**DATASET ENTRIES:**
= = = = = = =
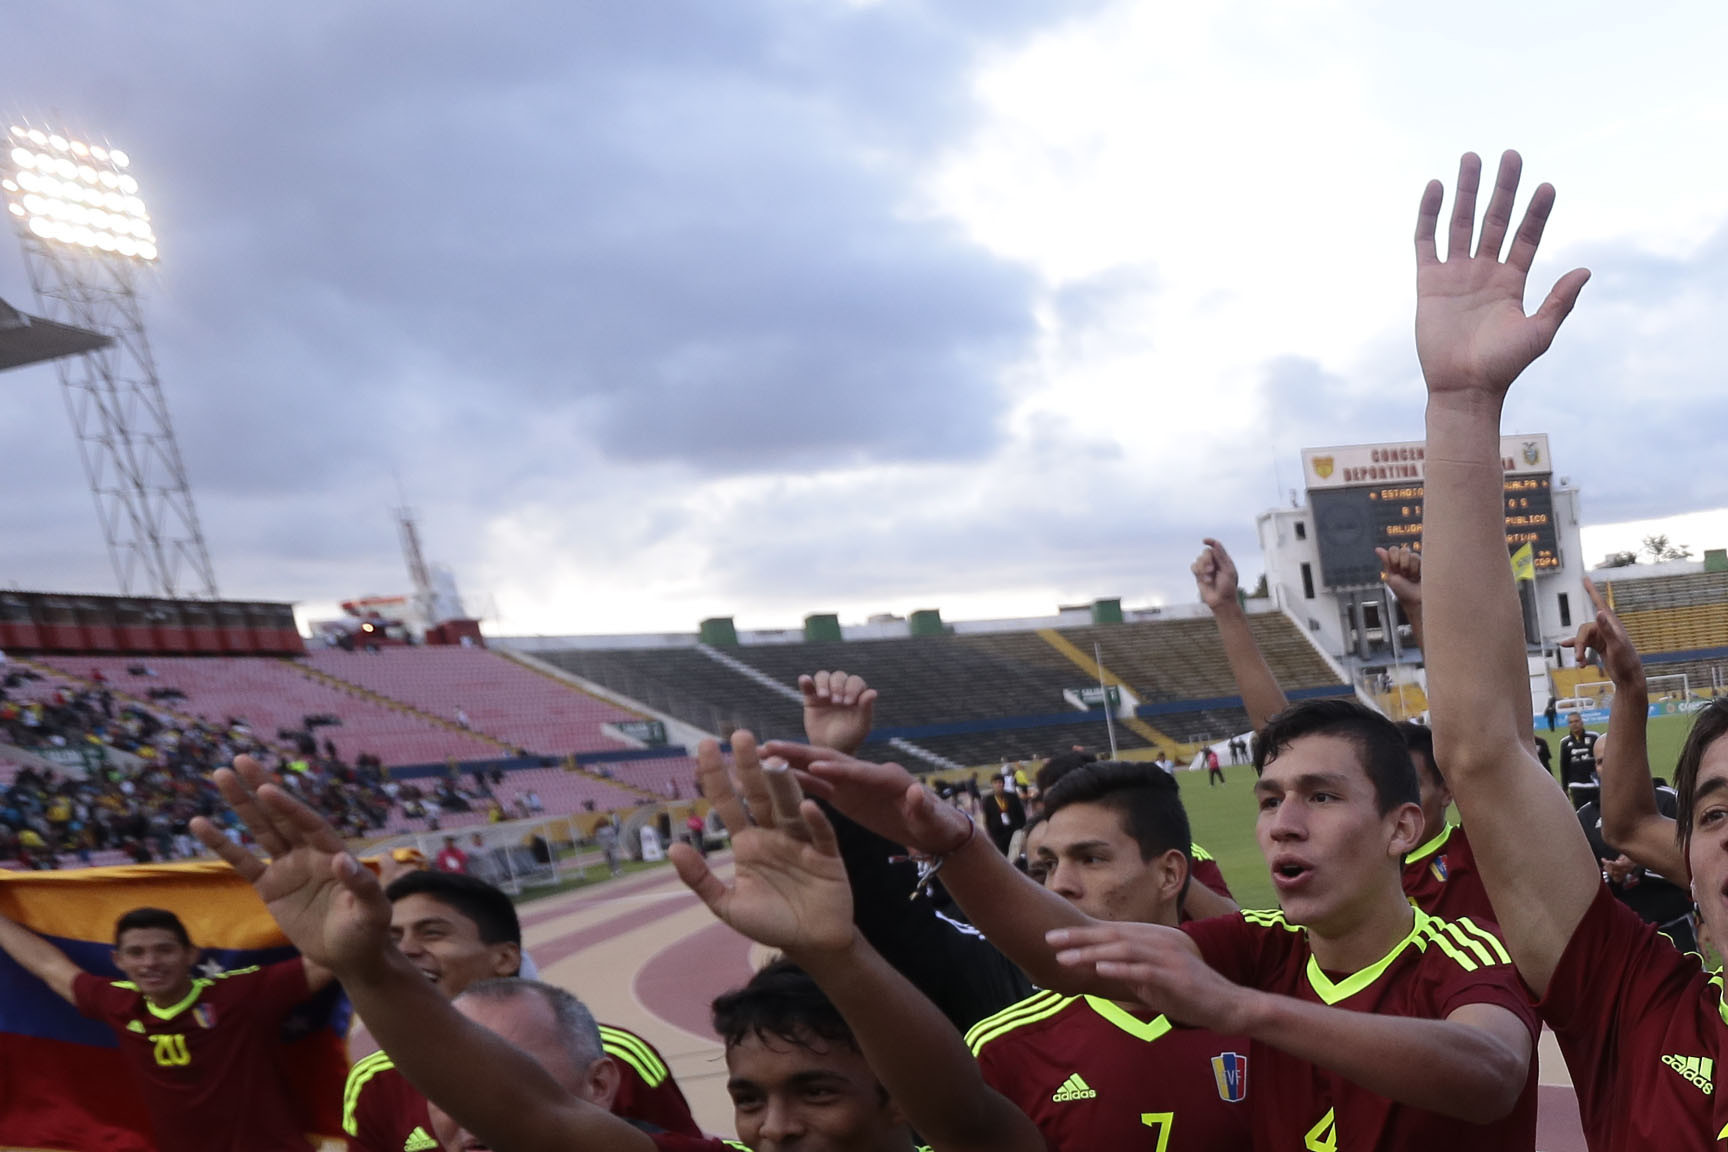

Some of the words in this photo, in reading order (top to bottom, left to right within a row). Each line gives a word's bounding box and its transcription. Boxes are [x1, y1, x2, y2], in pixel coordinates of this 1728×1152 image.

[1343, 463, 1418, 481] DEPORTIVA
[1505, 514, 1548, 526] PUBLICO
[148, 1034, 191, 1066] 20
[1661, 1055, 1713, 1095] adidas
[1052, 1089, 1096, 1102] adidas
= = = = = = =
Could you copy the lines above exactly and skip the images?

Some of the words in this photo, in reading order (top to bottom, left to right within a row). Each line gives a word's bounding box and its transcription. Boxes are [x1, y1, x2, y2], in pixel coordinates of this 1728×1152 image.

[1343, 463, 1418, 481] DEPORTIVA
[1505, 514, 1548, 526] PUBLICO
[148, 1034, 191, 1066] 20
[1661, 1055, 1713, 1095] adidas
[1052, 1089, 1096, 1102] adidas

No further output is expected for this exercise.